→ **Your objective**: Write out every entry exactly as it stands.
━━ Records supplied ━━
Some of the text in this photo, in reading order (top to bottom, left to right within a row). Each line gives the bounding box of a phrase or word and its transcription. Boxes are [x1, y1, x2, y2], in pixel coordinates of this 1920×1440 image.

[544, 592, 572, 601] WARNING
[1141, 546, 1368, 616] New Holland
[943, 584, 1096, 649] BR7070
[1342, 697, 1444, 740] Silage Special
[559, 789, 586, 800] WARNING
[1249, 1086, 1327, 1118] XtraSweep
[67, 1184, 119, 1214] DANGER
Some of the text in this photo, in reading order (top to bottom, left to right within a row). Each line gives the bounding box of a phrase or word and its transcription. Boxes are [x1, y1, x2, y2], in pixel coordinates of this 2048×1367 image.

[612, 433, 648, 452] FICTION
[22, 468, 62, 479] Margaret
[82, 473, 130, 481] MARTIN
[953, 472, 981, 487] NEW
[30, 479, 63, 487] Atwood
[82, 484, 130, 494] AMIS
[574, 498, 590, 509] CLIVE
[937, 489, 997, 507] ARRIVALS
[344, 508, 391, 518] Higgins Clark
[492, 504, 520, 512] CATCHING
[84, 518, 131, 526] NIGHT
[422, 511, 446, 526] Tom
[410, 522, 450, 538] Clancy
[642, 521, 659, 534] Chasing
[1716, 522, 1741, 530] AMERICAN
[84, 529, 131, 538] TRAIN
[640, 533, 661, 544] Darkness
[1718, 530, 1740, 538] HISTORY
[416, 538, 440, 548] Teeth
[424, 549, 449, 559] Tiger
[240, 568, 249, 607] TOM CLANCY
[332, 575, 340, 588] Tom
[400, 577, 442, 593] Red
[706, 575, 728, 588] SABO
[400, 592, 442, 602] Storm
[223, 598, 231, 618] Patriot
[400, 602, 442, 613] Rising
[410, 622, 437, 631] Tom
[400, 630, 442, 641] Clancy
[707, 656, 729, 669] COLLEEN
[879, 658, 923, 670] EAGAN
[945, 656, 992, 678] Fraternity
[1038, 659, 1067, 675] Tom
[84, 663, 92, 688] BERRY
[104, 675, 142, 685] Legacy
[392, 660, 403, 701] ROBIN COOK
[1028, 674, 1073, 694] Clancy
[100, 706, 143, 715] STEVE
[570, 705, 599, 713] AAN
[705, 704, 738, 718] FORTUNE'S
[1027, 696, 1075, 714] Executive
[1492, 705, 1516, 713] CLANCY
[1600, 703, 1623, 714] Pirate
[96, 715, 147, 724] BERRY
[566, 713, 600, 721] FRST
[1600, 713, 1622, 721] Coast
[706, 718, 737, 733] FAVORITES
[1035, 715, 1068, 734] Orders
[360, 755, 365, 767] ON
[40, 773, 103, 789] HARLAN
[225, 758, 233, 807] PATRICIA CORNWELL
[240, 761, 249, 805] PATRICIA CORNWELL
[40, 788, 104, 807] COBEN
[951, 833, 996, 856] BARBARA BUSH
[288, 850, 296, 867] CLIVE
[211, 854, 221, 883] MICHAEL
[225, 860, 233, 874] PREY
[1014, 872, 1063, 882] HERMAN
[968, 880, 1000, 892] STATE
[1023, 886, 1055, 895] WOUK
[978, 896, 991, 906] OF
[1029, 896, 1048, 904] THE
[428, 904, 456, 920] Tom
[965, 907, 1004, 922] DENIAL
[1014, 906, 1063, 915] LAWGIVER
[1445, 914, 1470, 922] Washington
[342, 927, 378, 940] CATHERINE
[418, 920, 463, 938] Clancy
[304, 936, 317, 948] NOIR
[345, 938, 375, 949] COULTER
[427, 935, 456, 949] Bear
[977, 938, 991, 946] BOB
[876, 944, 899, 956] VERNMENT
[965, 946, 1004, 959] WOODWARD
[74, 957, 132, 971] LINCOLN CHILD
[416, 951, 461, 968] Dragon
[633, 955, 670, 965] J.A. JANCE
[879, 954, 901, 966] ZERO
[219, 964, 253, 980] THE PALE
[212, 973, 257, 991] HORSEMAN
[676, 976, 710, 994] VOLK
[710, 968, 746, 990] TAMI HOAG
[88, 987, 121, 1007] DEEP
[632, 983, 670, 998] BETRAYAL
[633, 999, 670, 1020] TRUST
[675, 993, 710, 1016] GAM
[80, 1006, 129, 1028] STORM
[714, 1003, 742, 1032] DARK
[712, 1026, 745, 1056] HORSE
━━━
→ **Output for this task**:
Some of the text in this photo, in reading order (top to bottom, left to right within a row). Each line gives the bounding box of a phrase or word and its transcription. Boxes are [x1, y1, x2, y2], in pixel coordinates of this 1920×1440 image.

[544, 592, 572, 601] WARNING
[1141, 546, 1368, 616] New Holland
[943, 584, 1096, 649] BR7070
[1342, 697, 1444, 740] Silage Special
[559, 789, 586, 800] WARNING
[1249, 1086, 1327, 1118] XtraSweep
[67, 1184, 119, 1214] DANGER
Some of the text in this photo, in reading order (top to bottom, left to right within a row). Each line gives the bounding box of a phrase or word and its transcription. Boxes are [x1, y1, x2, y2], in pixel coordinates of this 2048×1367 image.

[612, 433, 648, 452] FICTION
[22, 468, 62, 479] Margaret
[82, 473, 130, 481] MARTIN
[953, 472, 981, 487] NEW
[30, 479, 63, 487] Atwood
[82, 484, 130, 494] AMIS
[574, 498, 590, 509] CLIVE
[937, 489, 997, 507] ARRIVALS
[344, 508, 391, 518] Higgins Clark
[492, 504, 520, 512] CATCHING
[84, 518, 131, 526] NIGHT
[422, 511, 446, 526] Tom
[410, 522, 450, 538] Clancy
[642, 521, 659, 534] Chasing
[1716, 522, 1741, 530] AMERICAN
[84, 529, 131, 538] TRAIN
[640, 533, 661, 544] Darkness
[1718, 530, 1740, 538] HISTORY
[416, 538, 440, 548] Teeth
[424, 549, 449, 559] Tiger
[240, 568, 249, 607] TOM CLANCY
[332, 575, 340, 588] Tom
[400, 577, 442, 593] Red
[706, 575, 728, 588] SABO
[400, 592, 442, 602] Storm
[223, 598, 231, 618] Patriot
[400, 602, 442, 613] Rising
[410, 622, 437, 631] Tom
[400, 630, 442, 641] Clancy
[707, 656, 729, 669] COLLEEN
[879, 658, 923, 670] EAGAN
[945, 656, 992, 678] Fraternity
[1038, 659, 1067, 675] Tom
[84, 663, 92, 688] BERRY
[104, 675, 142, 685] Legacy
[392, 660, 403, 701] ROBIN COOK
[1028, 674, 1073, 694] Clancy
[100, 706, 143, 715] STEVE
[570, 705, 599, 713] AAN
[705, 704, 738, 718] FORTUNE'S
[1027, 696, 1075, 714] Executive
[1492, 705, 1516, 713] CLANCY
[1600, 703, 1623, 714] Pirate
[96, 715, 147, 724] BERRY
[566, 713, 600, 721] FRST
[1600, 713, 1622, 721] Coast
[706, 718, 737, 733] FAVORITES
[1035, 715, 1068, 734] Orders
[360, 755, 365, 767] ON
[40, 773, 103, 789] HARLAN
[225, 758, 233, 807] PATRICIA CORNWELL
[240, 761, 249, 805] PATRICIA CORNWELL
[40, 788, 104, 807] COBEN
[951, 833, 996, 856] BARBARA BUSH
[288, 850, 296, 867] CLIVE
[211, 854, 221, 883] MICHAEL
[225, 860, 233, 874] PREY
[1014, 872, 1063, 882] HERMAN
[968, 880, 1000, 892] STATE
[1023, 886, 1055, 895] WOUK
[978, 896, 991, 906] OF
[1029, 896, 1048, 904] THE
[428, 904, 456, 920] Tom
[965, 907, 1004, 922] DENIAL
[1014, 906, 1063, 915] LAWGIVER
[1445, 914, 1470, 922] Washington
[342, 927, 378, 940] CATHERINE
[418, 920, 463, 938] Clancy
[304, 936, 317, 948] NOIR
[345, 938, 375, 949] COULTER
[427, 935, 456, 949] Bear
[977, 938, 991, 946] BOB
[876, 944, 899, 956] VERNMENT
[965, 946, 1004, 959] WOODWARD
[74, 957, 132, 971] LINCOLN CHILD
[416, 951, 461, 968] Dragon
[633, 955, 670, 965] J.A. JANCE
[879, 954, 901, 966] ZERO
[219, 964, 253, 980] THE PALE
[212, 973, 257, 991] HORSEMAN
[676, 976, 710, 994] VOLK
[710, 968, 746, 990] TAMI HOAG
[88, 987, 121, 1007] DEEP
[632, 983, 670, 998] BETRAYAL
[633, 999, 670, 1020] TRUST
[675, 993, 710, 1016] GAM
[80, 1006, 129, 1028] STORM
[714, 1003, 742, 1032] DARK
[712, 1026, 745, 1056] HORSE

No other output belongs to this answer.